We were told our chances (due to my age) were 1 in 46 to have a kid with genetic problems and 1 in 83 to have a kid with Down’s Syndrome. I think it’s actually a bit higher since I will be 41.5 years at the time of birth..but who knows really.

Next it was time for the ultrasound. I was very full of water. Armando made sure of that. This would be the first time that Armando would be with me for an ultrasound (he didn’t come last year). Of course, because of the previous miscarriage we were both very anxious to see an embryo and we both wanted to hear the heart beat. We needed some reassurance that everything was OK.

I was relieved and very excited when I saw the embryo…then I asked her about the heart beat. She changed the screen to a different screen so we could see and HEAR the heart beat. It was GREAT! She pointed out the beating heart so we could see. It was a tiny little flashing dot. I was SO HAPPY! Then she switched back to the regular mode and said to us…

Look, when I sweep over HERE, there is ANOTHER heart beat…that means, I think you are having TWINS! But I will need to take a closer look with the trans-vaginal ultrasound. I got up to empty my bladder which was bursting. Armando said, honey “We are having twins!”

I said…”Well, let’s just wait, it’s not for SURE yet”. I emptied my bladder as quick as I could becuase I wanted to get back up on the table to see about the twins. At this point, I couldn’t see the montior anymore…the technician had to adjust it for herself, the medical student and and the doctor that came in the room.

But Armando could see. Yep, there they are… TWO embryo’s…TWO beating hearts! You are having TWINS!!! I can’t describe just how excited I was. I was bursting…I wanted to shout “I’m having TWO babies! ” (using that kids “na, na, na na, na, na” sing-song voice!)

The doctor said, it appears as if they are going to be IDENTICAL twins! I said really? He told us that the embryo’s are very close together (but not touching) and that each had their own yolk sac. He said this is a good thing.

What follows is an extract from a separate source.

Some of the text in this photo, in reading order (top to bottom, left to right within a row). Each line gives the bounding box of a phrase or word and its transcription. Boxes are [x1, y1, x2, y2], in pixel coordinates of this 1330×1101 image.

He then said it appears as if they are sharing the same placenta and there is only a very thin wall between them. With that positioning, it seems likely to be identical, but he can not say for sure. He went on to say that most twins (2/3) are fraternal twins, and only 1/3 are identical. I asked him exactly what he thought the percentage was? Do you think it’s 60-75% chance of being identical? He said, yes, but of course, they can’t know for sure. He then started to talk to us again about risks associated with twins.

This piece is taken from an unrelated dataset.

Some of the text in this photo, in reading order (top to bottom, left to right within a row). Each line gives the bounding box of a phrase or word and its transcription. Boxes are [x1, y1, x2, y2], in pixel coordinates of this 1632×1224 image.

The tech handed me the paper while the doctor was talking. She showed me that the babies were in “opposite” position with the one of them head down and the other head up. She handed us the ultrasound paper. (If I can figure out how to post photos, I will post a picture of the ultrasound).

I think Armando and I were pretty much in **SHOCK** from the moment she uttered the word “twins” until we got home. Of course, we were both very excited! We decided to celebrate and do out to dinner to the Italian Bistro. (Note: I had an Spanish Club meeting that I was running that night that I completely forgot about. Clearly I was in shock. I didn’t realize I had missed the meeting until weeks later.)

I know it will be more work, but I figure I (we) have nothing to compare it to, so all of it will just seem like “normal” to us. Anyway, I am sure Armando is going to help and he will be there for me and the babies.

P.S. I later learned the odds of having identical twins is 1 in 285. Having identical twins is random chance because it’s the chance an egg will divide and grow as two separate people.

Happy Birthday to me!

HAPPY BIRTHDAY! Today is my birthday…I just love my birthday.

I woke up this morning–feeling like I was pregnant. I thought my period was late, but I wasn’t sure. My breasts were so tender, it felt exactly like the last time. I begged Armando to go to the CVS and get a pregnancy test. As soon as he came back, we tested and sure enough…2 lines! I AM PREGNANT.

I am happy, but somewhat cautious of showing my excitement because of the previous miscarriage. Armando doesn’t want to tell anyone. I agree, but it is going to be hard to keep quiet. That’s why I started this blog.